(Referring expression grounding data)
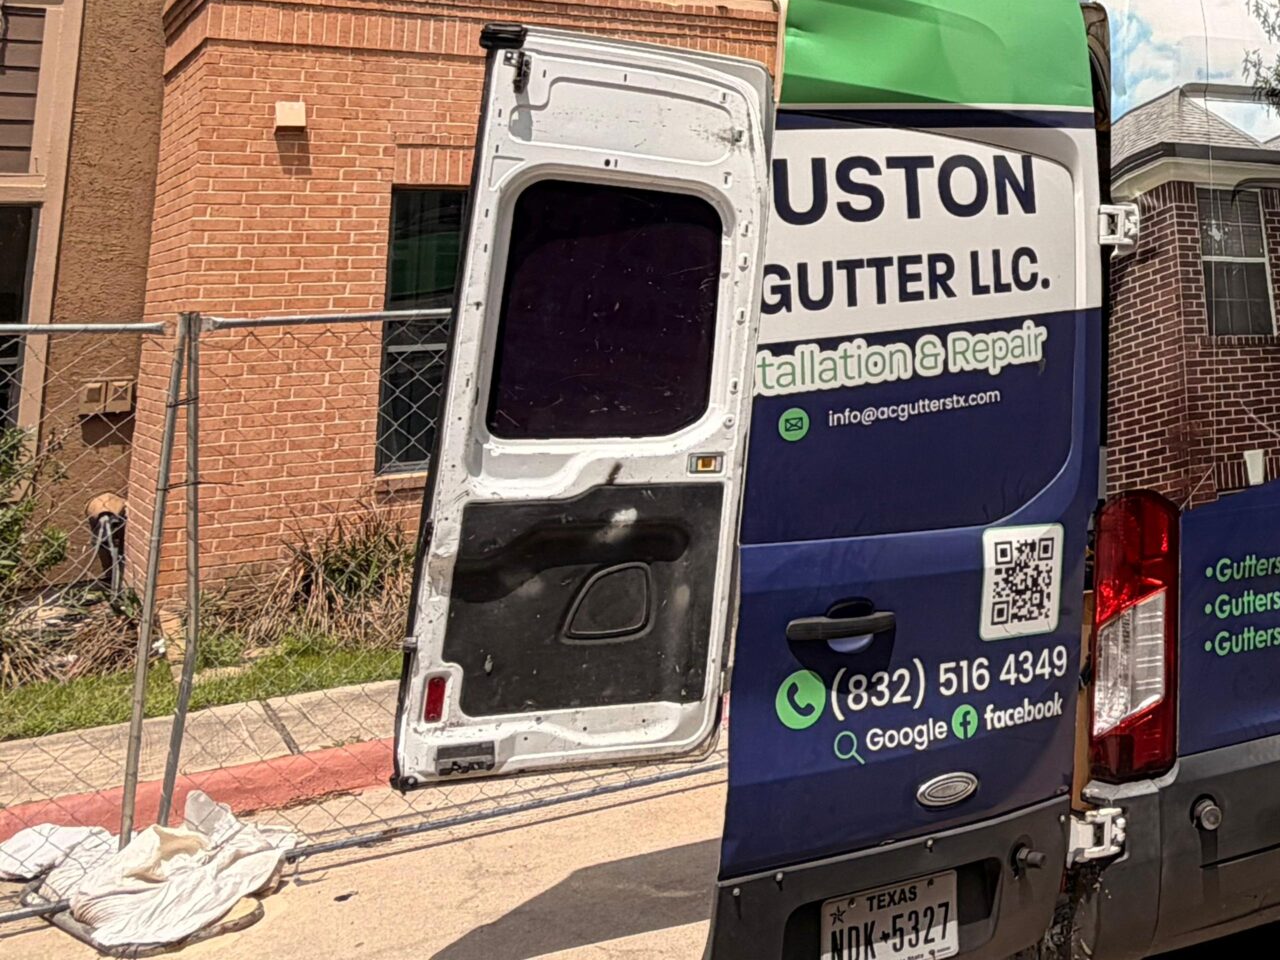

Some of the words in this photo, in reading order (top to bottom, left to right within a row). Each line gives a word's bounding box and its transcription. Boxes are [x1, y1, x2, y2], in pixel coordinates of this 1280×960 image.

[772, 154, 1037, 225] USTON
[760, 252, 958, 315] GUTTER
[971, 246, 1051, 296] LLC.
[756, 343, 909, 390] tallation
[919, 339, 941, 371] &
[952, 324, 1045, 373] Repair
[828, 388, 1001, 427] info@acgutterstx.com
[830, 657, 926, 722] (832)
[938, 656, 990, 696] 516
[999, 645, 1068, 686] 4349
[983, 691, 1064, 731] facebook
[865, 717, 948, 751] Google
[866, 885, 918, 912] TEXAS
[831, 919, 877, 960] NDK
[891, 901, 950, 953] 5327
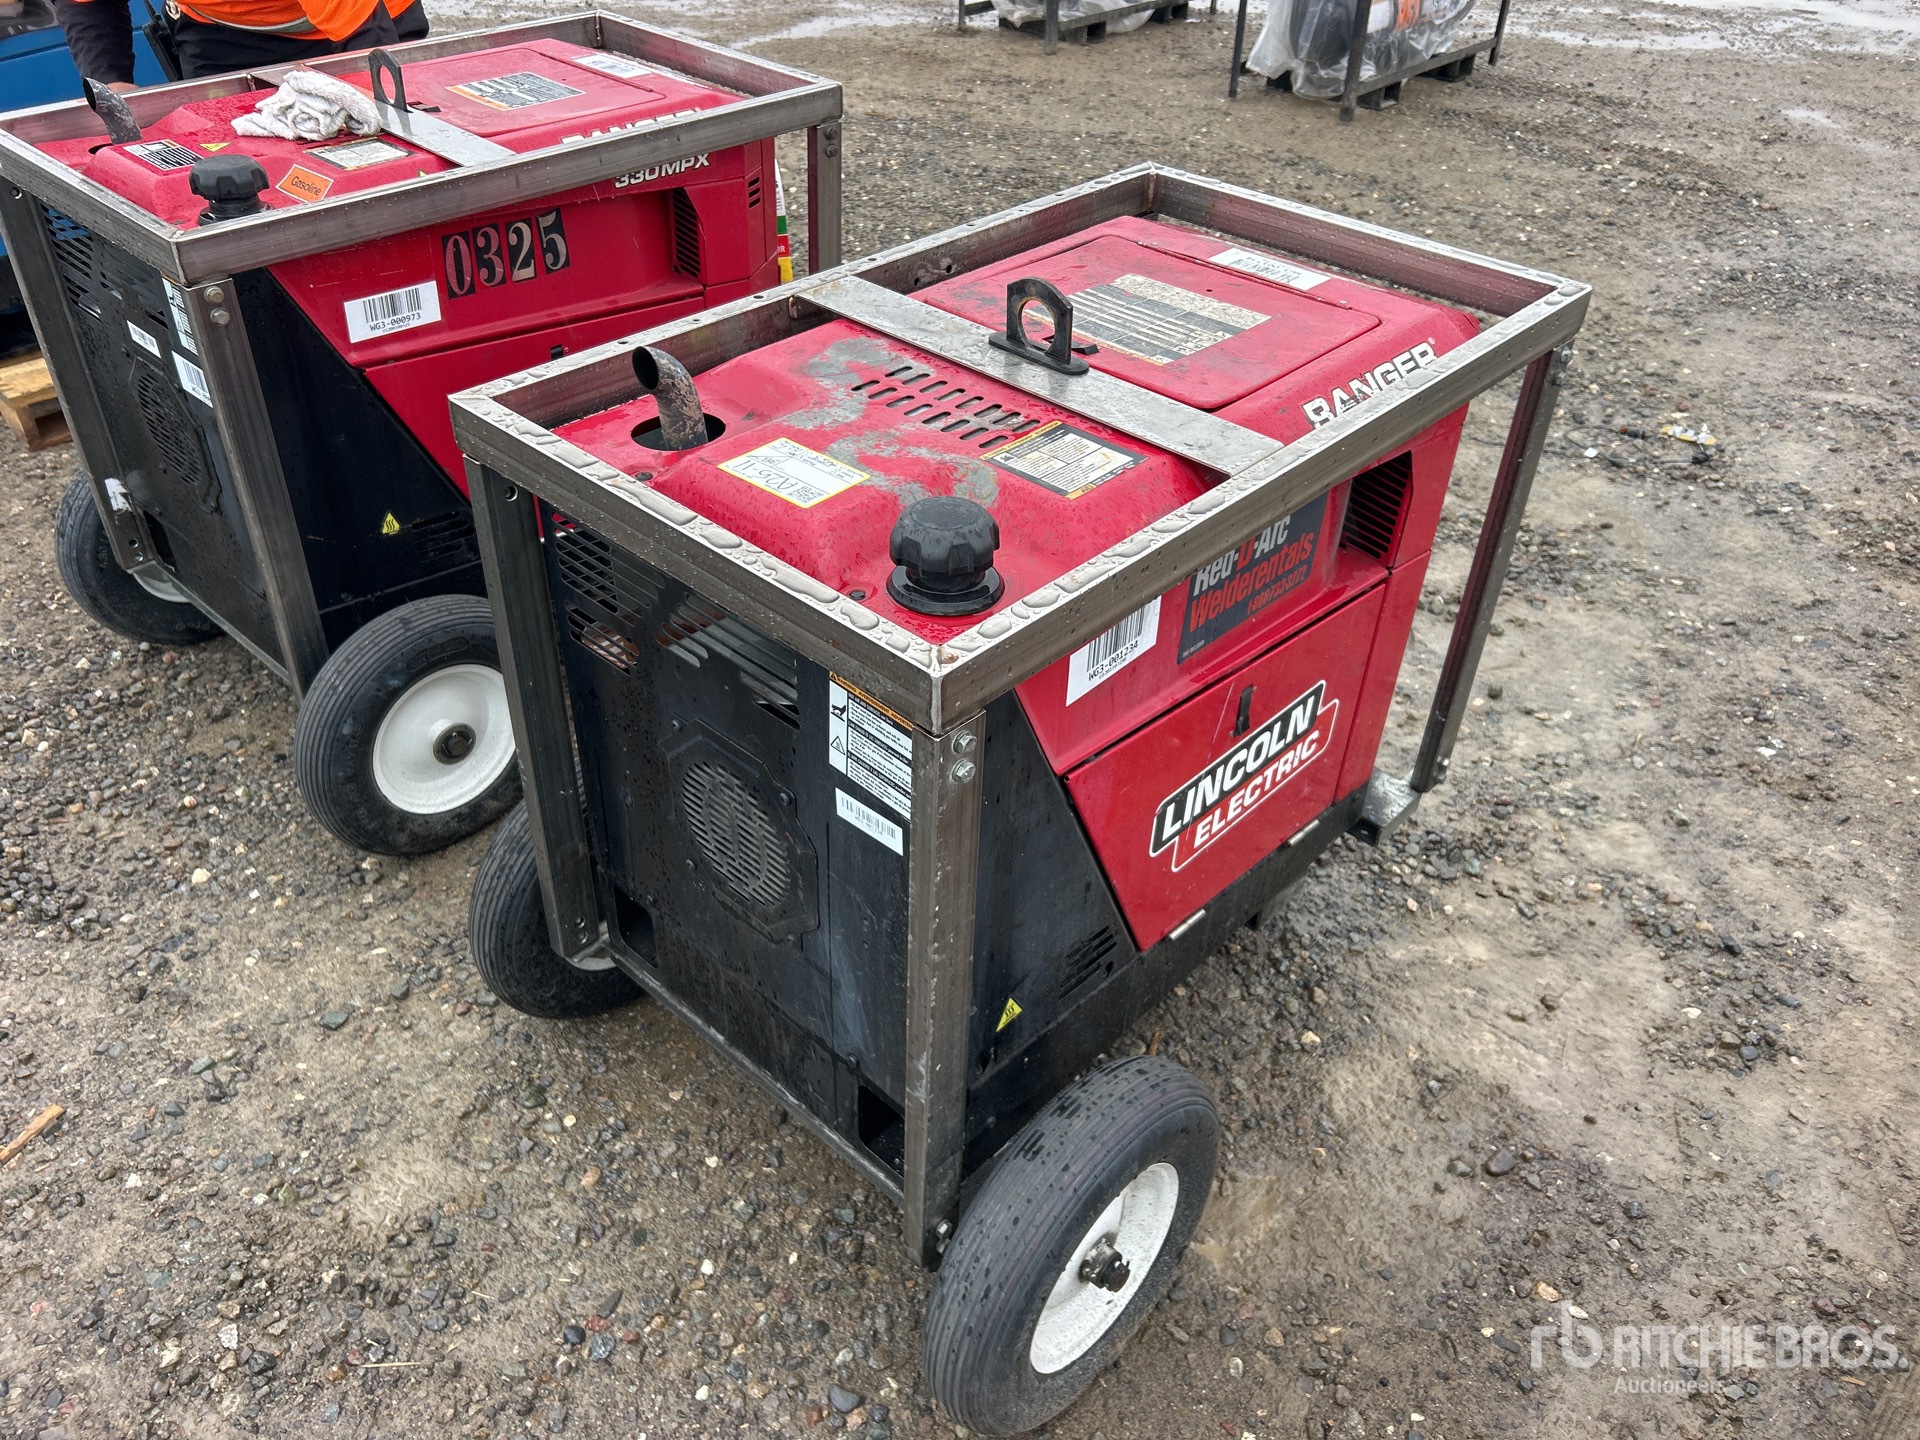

§ **PROBLEM DESCRIPTION**
Every record above should be duplicated precisely, with the images removed.

§ **OUTPUT BELOW**
Some of the words in this photo, in reading order (top to bottom, left to right within a row). Each line gives a word's bounding box and its transcription. Boxes are [x1, y1, x2, y2], in pixel coordinates of this 1280×960 image.

[772, 154, 1037, 225] USTON
[760, 252, 958, 315] GUTTER
[971, 246, 1051, 296] LLC.
[756, 343, 909, 390] tallation
[919, 339, 941, 371] &
[952, 324, 1045, 373] Repair
[828, 388, 1001, 427] info@acgutterstx.com
[830, 657, 926, 722] (832)
[938, 656, 990, 696] 516
[999, 645, 1068, 686] 4349
[983, 691, 1064, 731] facebook
[865, 717, 948, 751] Google
[866, 885, 918, 912] TEXAS
[831, 919, 877, 960] NDK
[891, 901, 950, 953] 5327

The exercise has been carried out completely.